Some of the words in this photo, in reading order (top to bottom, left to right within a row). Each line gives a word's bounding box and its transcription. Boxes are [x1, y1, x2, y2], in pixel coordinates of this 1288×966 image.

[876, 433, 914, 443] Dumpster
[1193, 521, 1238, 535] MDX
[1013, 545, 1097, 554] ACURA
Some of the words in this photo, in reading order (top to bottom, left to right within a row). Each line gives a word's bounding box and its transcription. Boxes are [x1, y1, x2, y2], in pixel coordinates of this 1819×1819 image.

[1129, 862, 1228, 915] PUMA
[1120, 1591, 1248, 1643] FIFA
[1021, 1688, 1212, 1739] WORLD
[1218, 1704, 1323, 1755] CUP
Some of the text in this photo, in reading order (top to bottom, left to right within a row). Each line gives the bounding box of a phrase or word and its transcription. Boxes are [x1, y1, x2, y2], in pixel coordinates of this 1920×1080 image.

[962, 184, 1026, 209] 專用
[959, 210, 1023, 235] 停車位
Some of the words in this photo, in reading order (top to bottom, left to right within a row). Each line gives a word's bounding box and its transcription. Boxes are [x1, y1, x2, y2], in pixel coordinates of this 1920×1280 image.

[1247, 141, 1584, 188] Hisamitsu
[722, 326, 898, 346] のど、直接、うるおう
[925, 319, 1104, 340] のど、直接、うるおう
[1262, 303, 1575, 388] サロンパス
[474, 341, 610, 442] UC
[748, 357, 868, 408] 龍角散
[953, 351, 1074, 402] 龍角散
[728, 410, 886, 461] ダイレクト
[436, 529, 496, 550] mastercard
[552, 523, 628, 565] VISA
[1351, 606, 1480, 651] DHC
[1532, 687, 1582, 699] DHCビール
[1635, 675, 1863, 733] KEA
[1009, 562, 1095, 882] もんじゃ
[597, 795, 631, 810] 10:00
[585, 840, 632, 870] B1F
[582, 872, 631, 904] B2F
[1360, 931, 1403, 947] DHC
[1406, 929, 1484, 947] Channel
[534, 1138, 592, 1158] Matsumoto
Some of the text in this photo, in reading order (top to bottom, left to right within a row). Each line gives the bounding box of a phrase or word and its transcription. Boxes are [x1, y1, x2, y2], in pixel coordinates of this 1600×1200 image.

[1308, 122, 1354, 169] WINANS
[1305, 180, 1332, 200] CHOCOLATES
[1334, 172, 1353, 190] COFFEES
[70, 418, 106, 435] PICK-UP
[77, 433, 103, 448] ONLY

————

◆ **What to do**
Begin with the line that contains "this 1600×1200 image.". Repeat it and every line after it through the end of the listing, exactly, and print nothing more.

◆ **Response to the exercise**
Some of the text in this photo, in reading order (top to bottom, left to right within a row). Each line gives the bounding box of a phrase or word and its transcription. Boxes are [x1, y1, x2, y2], in pixel coordinates of this 1600×1200 image.

[1308, 122, 1354, 169] WINANS
[1305, 180, 1332, 200] CHOCOLATES
[1334, 172, 1353, 190] COFFEES
[70, 418, 106, 435] PICK-UP
[77, 433, 103, 448] ONLY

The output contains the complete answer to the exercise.